THE early nineteenth century, like the Age of Elizabeth, was a favorable time for the development of lyric poetry. During the latter part of the preceding century the rationalism that had dominated the Age of Pope gave way and the value of the emotions and the imagination in human life was once more appreciated. There came changes of political and social significance. Instead of bowing in subservience to social conventions that were beneficial to the group, men recognized increasingly the right of an individual to express himself freely and naturally. These social changes brought changes in the expression of life in literature and in standards of literary taste; and by the last decades of the eighteenth century writers were finding new subjects in the beauties of the countryside, in humble life, and in the real, vital experiences of everyday life. Less emphasis was placed upon precision and rhetoric, and more attention given to expressing naturally what lay closest to the heart. It is lyric poetry that is concerned with just these things, the expression with enthusiasm and directness of the personal thoughts and emotions of the individual.

The lyric poets here represented indicate somewhat the wide range of the lyrics of the time. Robert Burns, the Scotch farmer poet, found his subjects in the world immediately about him, in animals, and in the warm human relationships of men and women that make for happiness. William Wordsworth, living quietly in Northern England, found in Nature the force that would guide man safely, would comfort him and heal the scars of life, and would develop strength and dignity of character; so he wrote of "plain living and high thinking." John Keats, lover of beauty, turned his thoughts to the picturesque past of Greece and medieval England and to the representation of beauty through art.
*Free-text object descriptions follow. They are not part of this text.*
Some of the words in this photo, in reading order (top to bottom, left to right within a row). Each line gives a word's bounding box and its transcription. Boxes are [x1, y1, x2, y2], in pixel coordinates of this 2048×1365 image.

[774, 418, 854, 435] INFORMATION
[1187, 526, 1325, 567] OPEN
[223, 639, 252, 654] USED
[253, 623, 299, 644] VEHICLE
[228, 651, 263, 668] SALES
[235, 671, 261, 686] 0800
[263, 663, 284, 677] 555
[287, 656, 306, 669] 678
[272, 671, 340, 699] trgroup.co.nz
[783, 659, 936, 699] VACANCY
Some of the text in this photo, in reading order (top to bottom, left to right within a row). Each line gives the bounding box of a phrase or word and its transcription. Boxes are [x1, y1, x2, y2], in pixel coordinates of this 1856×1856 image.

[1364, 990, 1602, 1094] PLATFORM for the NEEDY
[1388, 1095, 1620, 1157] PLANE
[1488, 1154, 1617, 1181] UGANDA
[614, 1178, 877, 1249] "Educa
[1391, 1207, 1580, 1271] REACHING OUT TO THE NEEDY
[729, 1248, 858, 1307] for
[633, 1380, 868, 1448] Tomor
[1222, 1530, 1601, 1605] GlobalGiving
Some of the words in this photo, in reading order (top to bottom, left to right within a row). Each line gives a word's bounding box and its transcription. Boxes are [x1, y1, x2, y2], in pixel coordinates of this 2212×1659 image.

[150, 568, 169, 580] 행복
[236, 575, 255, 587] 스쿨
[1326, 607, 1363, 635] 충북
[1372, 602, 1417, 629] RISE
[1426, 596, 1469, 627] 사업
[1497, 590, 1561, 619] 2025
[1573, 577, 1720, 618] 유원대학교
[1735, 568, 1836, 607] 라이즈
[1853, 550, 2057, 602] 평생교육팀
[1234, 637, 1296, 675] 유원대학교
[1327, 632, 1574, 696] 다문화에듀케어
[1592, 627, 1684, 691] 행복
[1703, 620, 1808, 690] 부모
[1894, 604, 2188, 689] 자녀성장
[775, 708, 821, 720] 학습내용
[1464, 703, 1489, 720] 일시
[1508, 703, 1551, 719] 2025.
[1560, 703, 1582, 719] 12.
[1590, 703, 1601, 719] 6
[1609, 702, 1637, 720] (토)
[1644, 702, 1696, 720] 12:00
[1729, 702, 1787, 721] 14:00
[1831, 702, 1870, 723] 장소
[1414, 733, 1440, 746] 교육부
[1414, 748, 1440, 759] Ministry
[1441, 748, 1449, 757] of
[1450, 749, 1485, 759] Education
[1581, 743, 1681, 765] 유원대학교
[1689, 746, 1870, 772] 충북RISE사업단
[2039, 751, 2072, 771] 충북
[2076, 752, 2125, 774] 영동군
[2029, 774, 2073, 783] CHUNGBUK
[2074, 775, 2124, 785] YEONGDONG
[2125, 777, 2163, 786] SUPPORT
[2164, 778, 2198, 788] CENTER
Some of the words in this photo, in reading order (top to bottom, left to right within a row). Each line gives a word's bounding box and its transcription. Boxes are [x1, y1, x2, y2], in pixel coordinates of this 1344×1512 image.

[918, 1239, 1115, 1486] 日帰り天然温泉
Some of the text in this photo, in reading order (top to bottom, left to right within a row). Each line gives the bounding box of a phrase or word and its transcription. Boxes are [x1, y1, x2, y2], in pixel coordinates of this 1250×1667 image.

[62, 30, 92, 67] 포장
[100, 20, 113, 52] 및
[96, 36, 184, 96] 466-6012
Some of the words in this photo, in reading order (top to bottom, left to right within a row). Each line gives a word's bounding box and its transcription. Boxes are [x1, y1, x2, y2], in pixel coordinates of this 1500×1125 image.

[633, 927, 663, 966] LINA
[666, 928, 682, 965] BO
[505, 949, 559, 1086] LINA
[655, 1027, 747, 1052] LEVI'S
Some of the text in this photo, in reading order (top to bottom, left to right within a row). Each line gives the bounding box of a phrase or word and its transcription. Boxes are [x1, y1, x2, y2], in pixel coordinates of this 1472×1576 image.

Percy Bysshe Shelley, the idealist worshiping the spirit of freedom, wrote of the upper air, of clouds, the west wind, the skylark,— of the aspiration of the human soul in its longing for the unattainable. Lord Byron wrote much descriptive and narrative poetry, but had also the ability to express lyrically his personal emotions.

Of the group Burns and Shelley have the song quality that was so conspicuous in the earlier lyrics of Elizabeth's day. In general, however, the lyrics of the period are more concerned with interpreting life for us. Each poet gives freely of himself as he translates life through the medium of his personality, and each in his own way reveals the beauty and truth that are the concern of every artist.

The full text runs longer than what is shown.